Outnumbered is a British sitcom about the Brockman family, starring Hugh Dennis as the father, Claire Skinner as the mother and their three children played by Tyger Drew-Honey, Daniel Roche and Ramona Marquez.

There were five series, which aired on BBC One from 2007 to 2014. A one-off Christmas reunion special aired on 26 December 2016. The following year, Hugh Dennis expressed hope that more one-off specials would be made following the success of the 2016 Christmas special. A further Christmas special was broadcast on BBC One on 26 December 2024.

Produced by Hat Trick Productions and the British Broadcasting Corporation, Outnumbered was written, directed and produced by Andy Hamilton and Guy Jenkin, although parts of the show are semi-improvised. The adult actors learn the scripts, while the children are given last-minute instructions by the writers instead.

The programme has received critical acclaim for its semi-improvisational scripting and realistic portrayal of children and family life. Ratings have been average for its time slot, but the series has won a number of awards from the Comedy.co.uk awards, the Royal Television Society, the British Comedy Awards and the Broadcasting Press Guild. Plans for an American adaptation were announced in February 2009, but as of November 2024 this has not materialised. The original series began airing in the US on BBC America on 30 July 2011, as well as airing on PBS stations.

==Plot==

The main characters in Outnumbered, as they appeared in series four (left-to-right): Jake (Tyger Drew-Honey), Sue (Claire Skinner), Pete (Hugh Dennis), Karen (Ramona Marquez) and Ben (Daniel Roche)

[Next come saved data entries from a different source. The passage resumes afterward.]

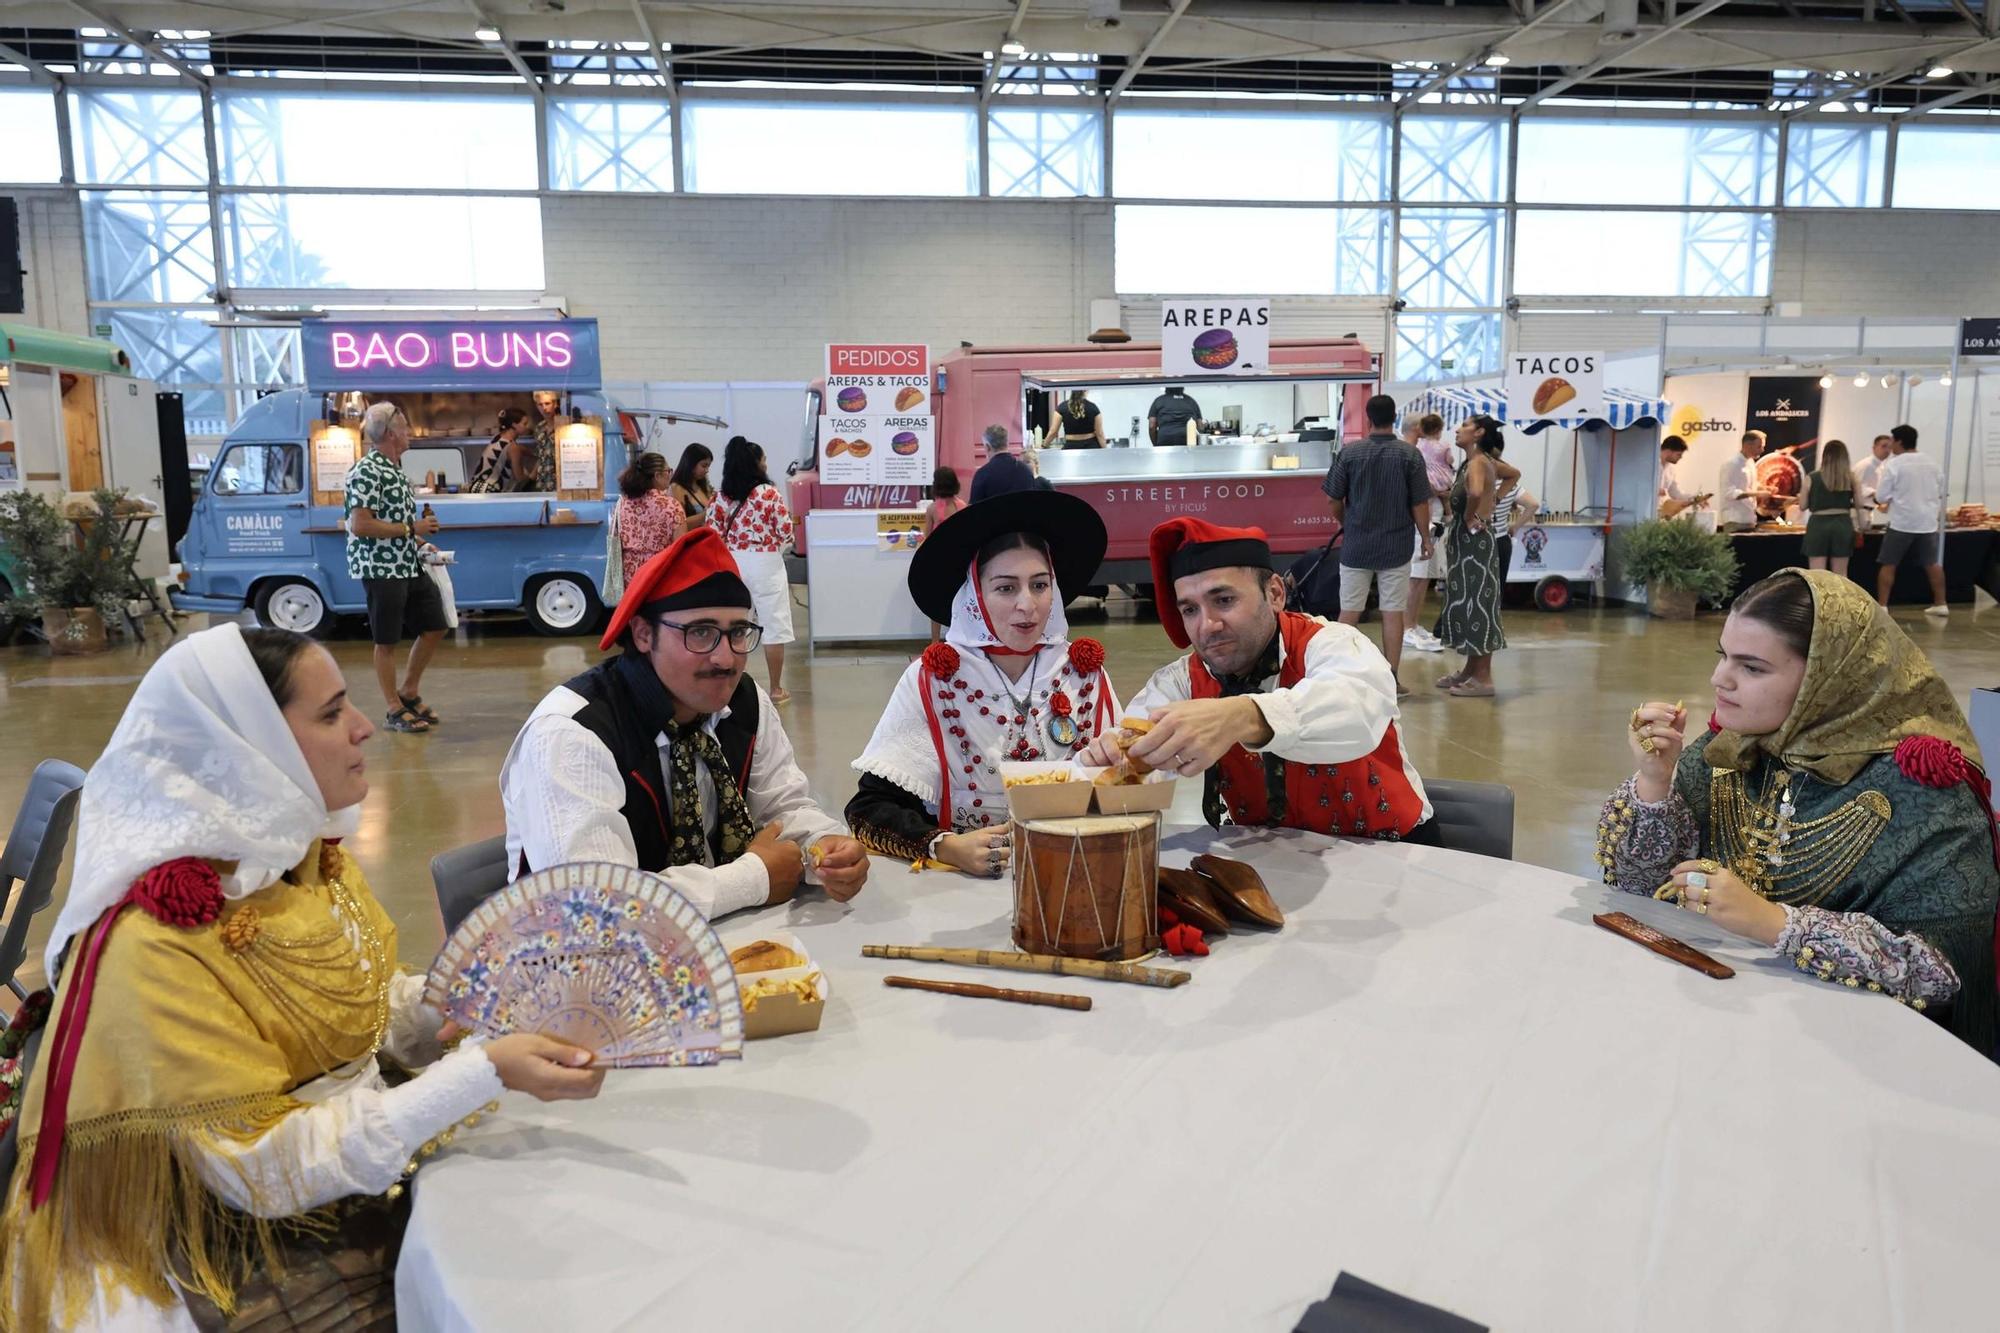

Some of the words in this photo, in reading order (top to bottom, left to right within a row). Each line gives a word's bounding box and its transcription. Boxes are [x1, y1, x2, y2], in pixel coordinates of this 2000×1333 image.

[1163, 307, 1269, 327] AREPAS
[331, 331, 431, 368] BAO
[450, 331, 572, 368] BUNS
[1964, 338, 1985, 347] LOS
[837, 350, 919, 366] PEDIDOS
[1515, 357, 1594, 374] TACOS
[827, 376, 873, 386] AREPAS
[877, 376, 886, 386] &
[889, 376, 929, 386] TACOS
[830, 418, 867, 428] TACOS
[884, 417, 928, 427] AREPAS
[1681, 418, 1737, 437] gastro.
[1106, 487, 1187, 502] STREET
[1203, 485, 1265, 499] FOOD
[1164, 504, 1177, 513] BY
[1180, 503, 1208, 513] FICUS
[226, 513, 283, 530] CAMÀLIC

Outnumbered is centred on the Brockmans, a middle-class family living in Chiswick, west London, whose two parents are "outnumbered" by their three somewhat unruly children. The father, Pete (Hugh Dennis), is a history teacher at a dysfunctional inner-city school and the mother, Sue (Claire Skinner), is a part-time personal assistant and is four years younger than Pete.

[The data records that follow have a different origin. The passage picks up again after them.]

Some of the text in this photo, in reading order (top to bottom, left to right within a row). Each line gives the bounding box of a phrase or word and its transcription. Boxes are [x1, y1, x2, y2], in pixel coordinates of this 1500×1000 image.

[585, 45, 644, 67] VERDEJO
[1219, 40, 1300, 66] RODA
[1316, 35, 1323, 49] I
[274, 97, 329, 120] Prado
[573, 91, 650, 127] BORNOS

The three children are: Jake (Tyger Drew-Honey), the straight man of the family, whose teenage sarcasm and obsession with girls worries his mother, Ben (Daniel Roche), who is hyperactive, a pathological liar, does unusual things (experimenting or, as Pete puts it, "roasting insects"), and is always coming up with hypothetical questions like "who would win in a fight between...", and Karen (Ramona Marquez), who asks too many questions, frequently imitates a lot of what she sees on television (reenacting reality shows with her toys) and criticises nearly everything.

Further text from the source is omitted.